• **What you need to do**: Leaving out the pictures, restate each record below word for word.

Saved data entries
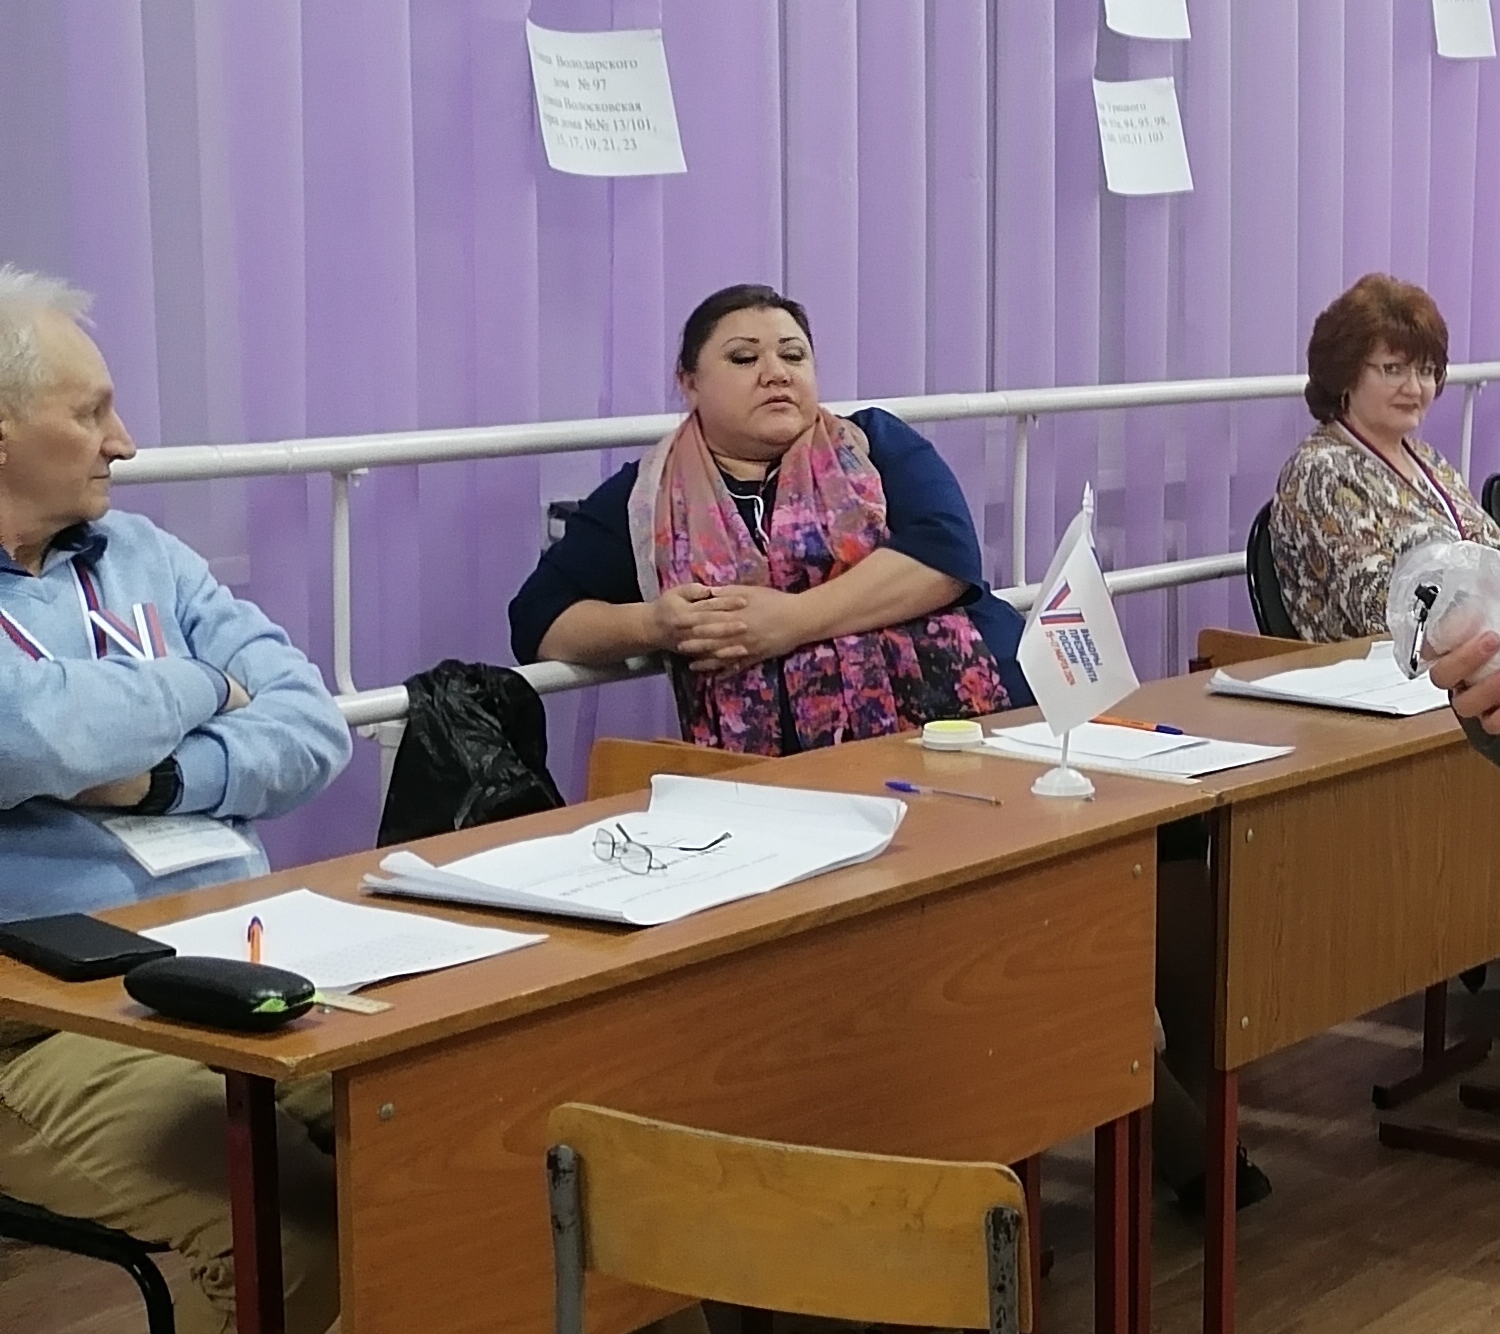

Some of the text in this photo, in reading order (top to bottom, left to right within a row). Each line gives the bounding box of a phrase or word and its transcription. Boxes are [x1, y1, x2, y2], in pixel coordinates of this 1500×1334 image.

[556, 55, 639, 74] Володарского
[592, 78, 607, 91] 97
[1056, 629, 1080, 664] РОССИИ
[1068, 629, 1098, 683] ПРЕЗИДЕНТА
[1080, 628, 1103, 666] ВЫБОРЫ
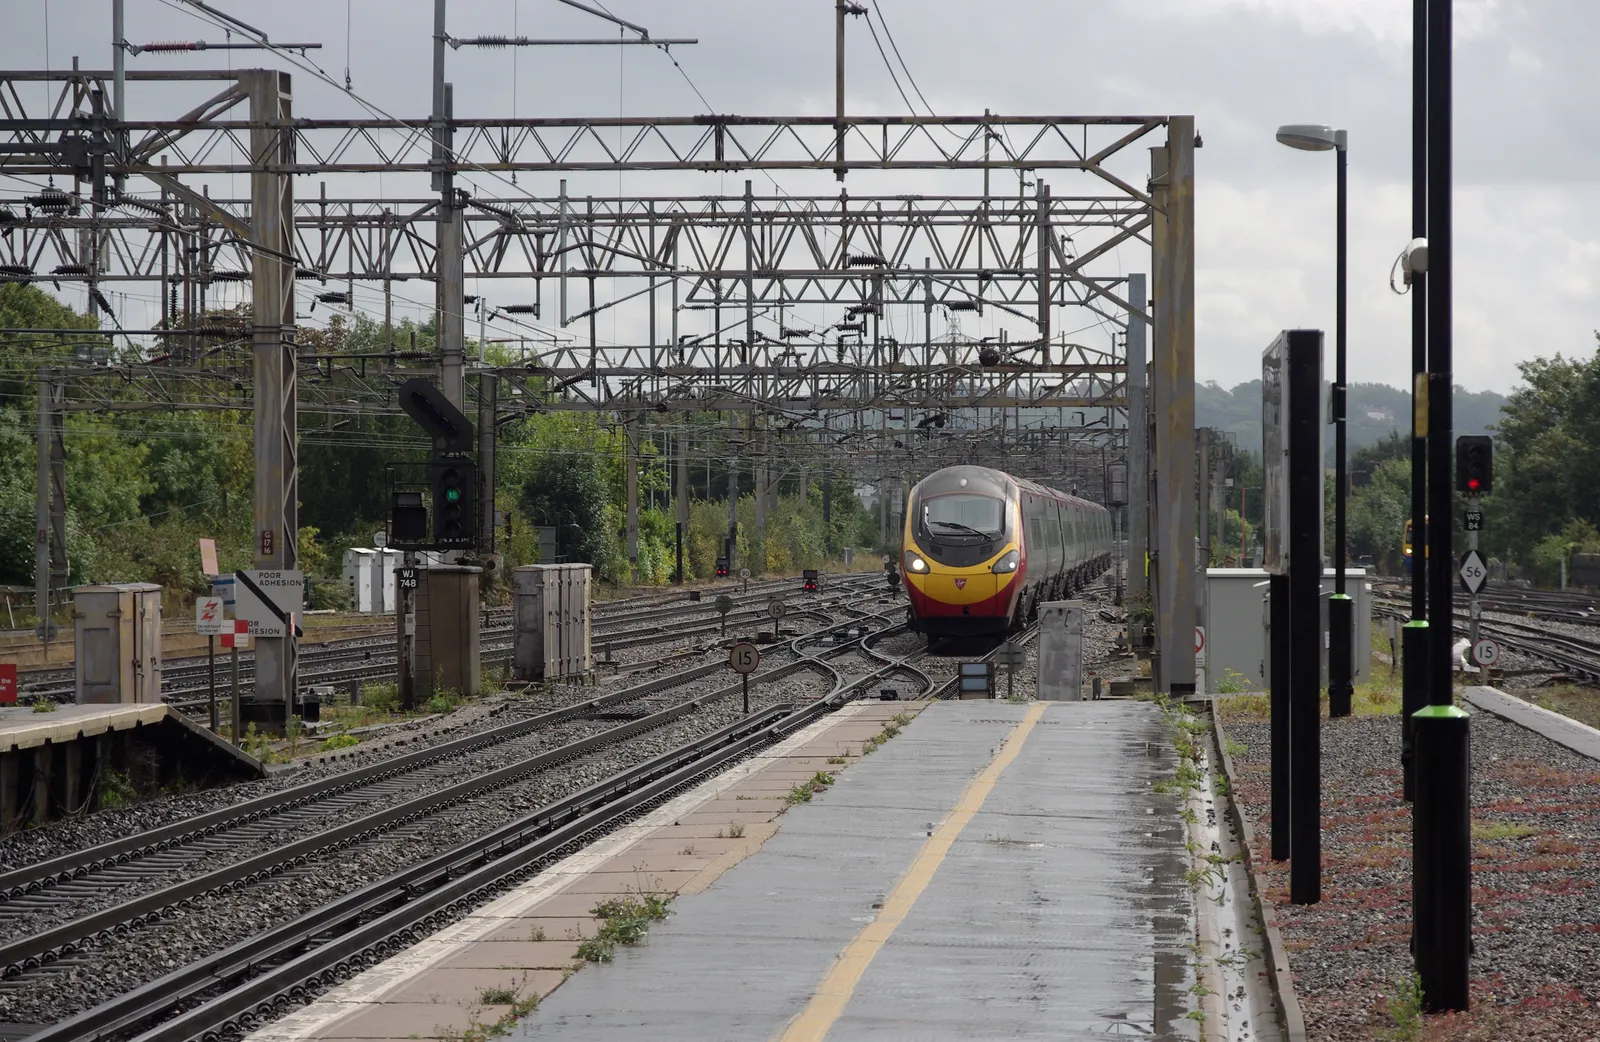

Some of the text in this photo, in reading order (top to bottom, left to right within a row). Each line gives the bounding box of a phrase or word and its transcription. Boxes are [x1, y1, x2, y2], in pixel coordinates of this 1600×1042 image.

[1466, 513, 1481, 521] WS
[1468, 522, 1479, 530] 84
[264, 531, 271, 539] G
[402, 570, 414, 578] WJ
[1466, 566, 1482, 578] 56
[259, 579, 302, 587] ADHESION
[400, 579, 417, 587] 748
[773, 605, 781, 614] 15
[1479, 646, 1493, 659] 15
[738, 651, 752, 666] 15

• **Completed task**:
Some of the text in this photo, in reading order (top to bottom, left to right within a row). Each line gives the bounding box of a phrase or word and its transcription. Boxes are [x1, y1, x2, y2], in pixel coordinates of this 1500×1334 image.

[556, 55, 639, 74] Володарского
[592, 78, 607, 91] 97
[1056, 629, 1080, 664] РОССИИ
[1068, 629, 1098, 683] ПРЕЗИДЕНТА
[1080, 628, 1103, 666] ВЫБОРЫ

Some of the text in this photo, in reading order (top to bottom, left to right within a row). Each line gives the bounding box of a phrase or word and its transcription. Boxes are [x1, y1, x2, y2], in pixel coordinates of this 1600×1042 image.

[1466, 513, 1481, 521] WS
[1468, 522, 1479, 530] 84
[264, 531, 271, 539] G
[402, 570, 414, 578] WJ
[1466, 566, 1482, 578] 56
[259, 579, 302, 587] ADHESION
[400, 579, 417, 587] 748
[773, 605, 781, 614] 15
[1479, 646, 1493, 659] 15
[738, 651, 752, 666] 15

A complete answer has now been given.